Implicit in all this, says Karen Brooks, senior lecturer in popular culture at the Sunshine Coast University, is the magic that has attached itself to a girl who, in every other sense, is quite ordinary.
“Life since the Sydney Olympics has been this dream for Nikki, it has been magic. She was an ordinary little girl, not particularly talented or particularly attractive, and she won the lottery,” Brooks says. “I say, good on her for what she’s achieved.”
A big part of Nikki’s attraction to her very young fans, according to Brooks, is the suggestion that, if it happened to Nikki, it could happen to anyone. “There’s really nothing remarkable there, and that’s good, too, it means you don’t have to be extremely beautiful to win,” she says. “It puts celebrity on a level playing field,”

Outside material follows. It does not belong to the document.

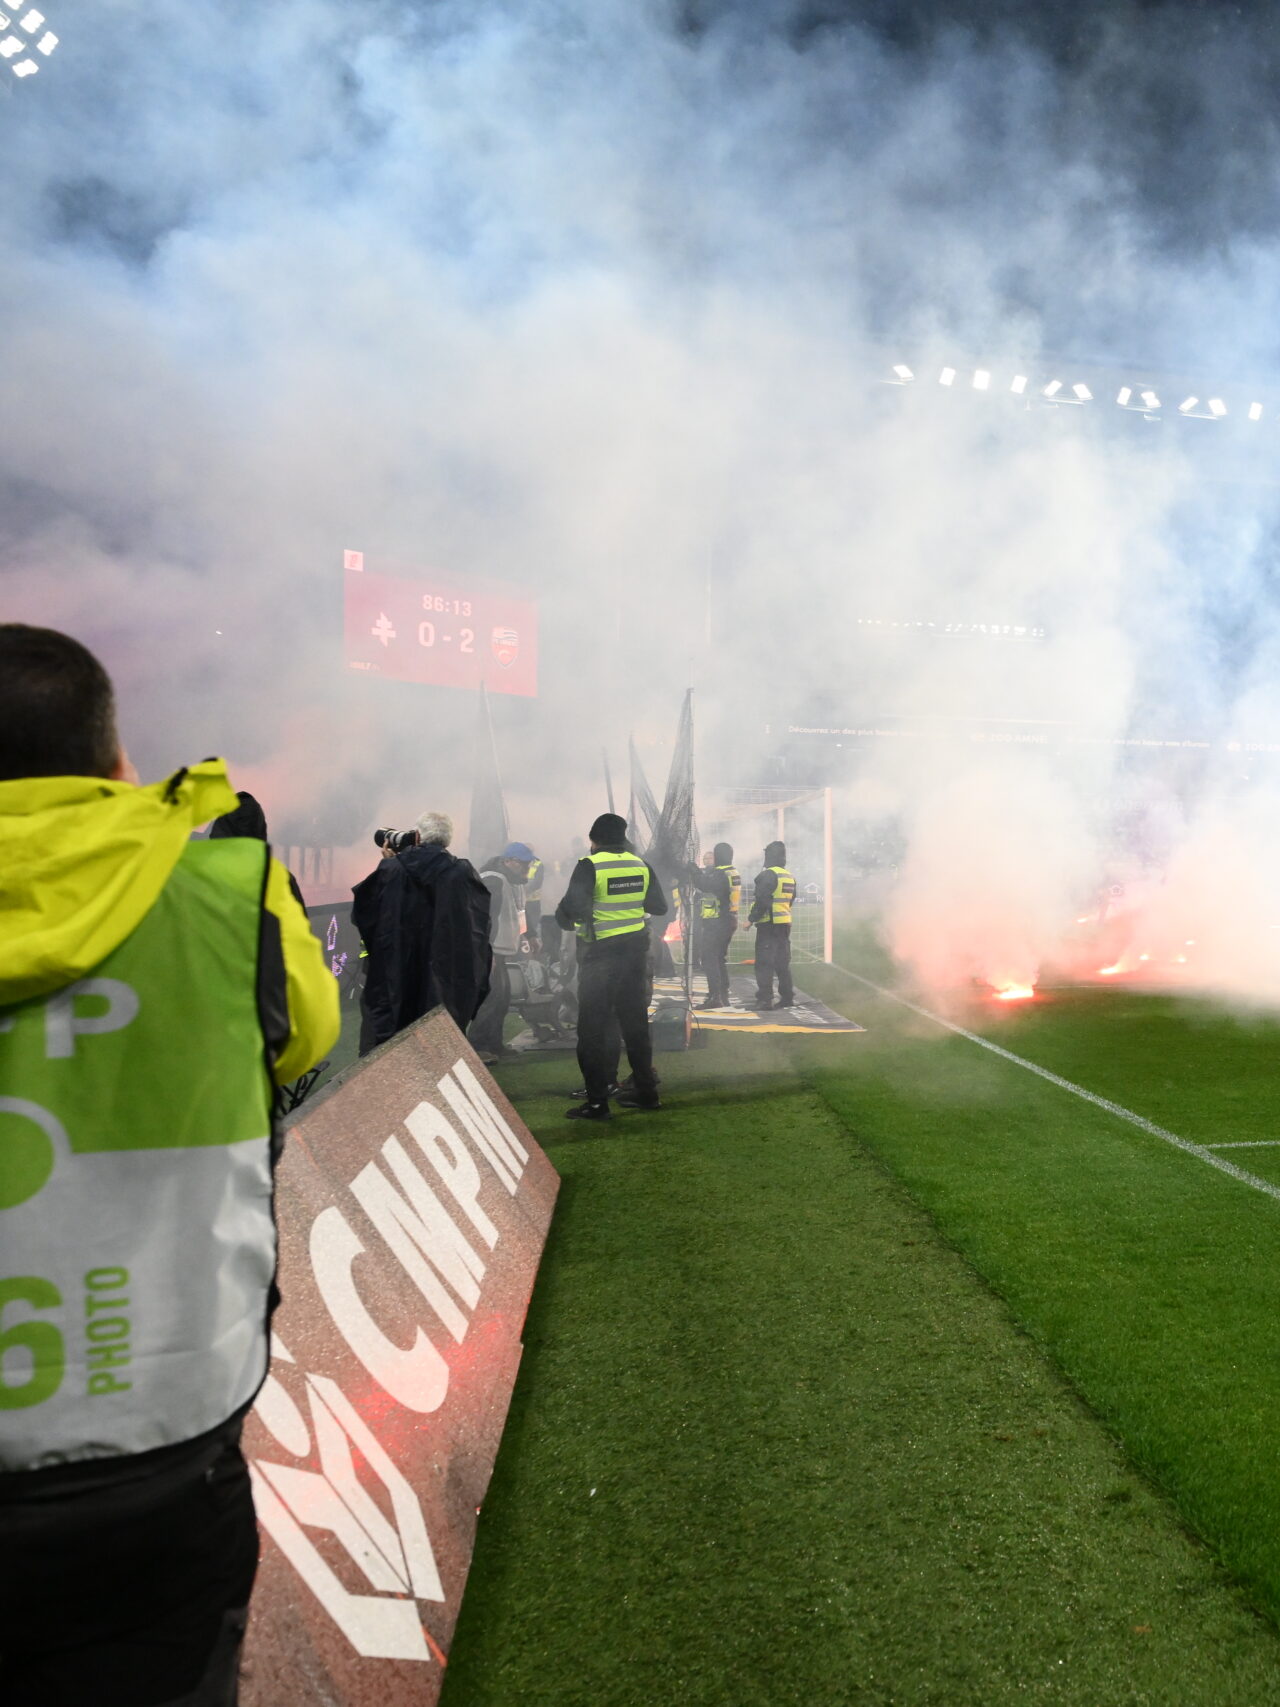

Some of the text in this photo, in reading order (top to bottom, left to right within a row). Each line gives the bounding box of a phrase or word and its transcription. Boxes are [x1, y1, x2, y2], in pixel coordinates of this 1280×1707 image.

But the Nikki vehicle has begun to move very fast. Following quickly upon Nikki’s Olympics came multiple public appearances and the release of her single, Strawberry Kisses (which went platinum), and her own CD, Follow Your Heart. She started her own website (I was visitor number 342,143), made television guest appearances and sang at every second public function around the country.
By her 14th birthday she had amassed an extraordinary following of pre-teen fans, fascinated by her verging-on-vamp outfits (she designs them herself), her favourite drink (water) and her favourite Chupa-Chup flavours (cherry and pineapple).
She appeared on the cover of Barbie magazine and in Who Weekly’s “most intriguing” list, and their “industry power” list, coming in at No. 10 and whipping Cate Blanchett, Russell Crowe and Lisa McCune in the process.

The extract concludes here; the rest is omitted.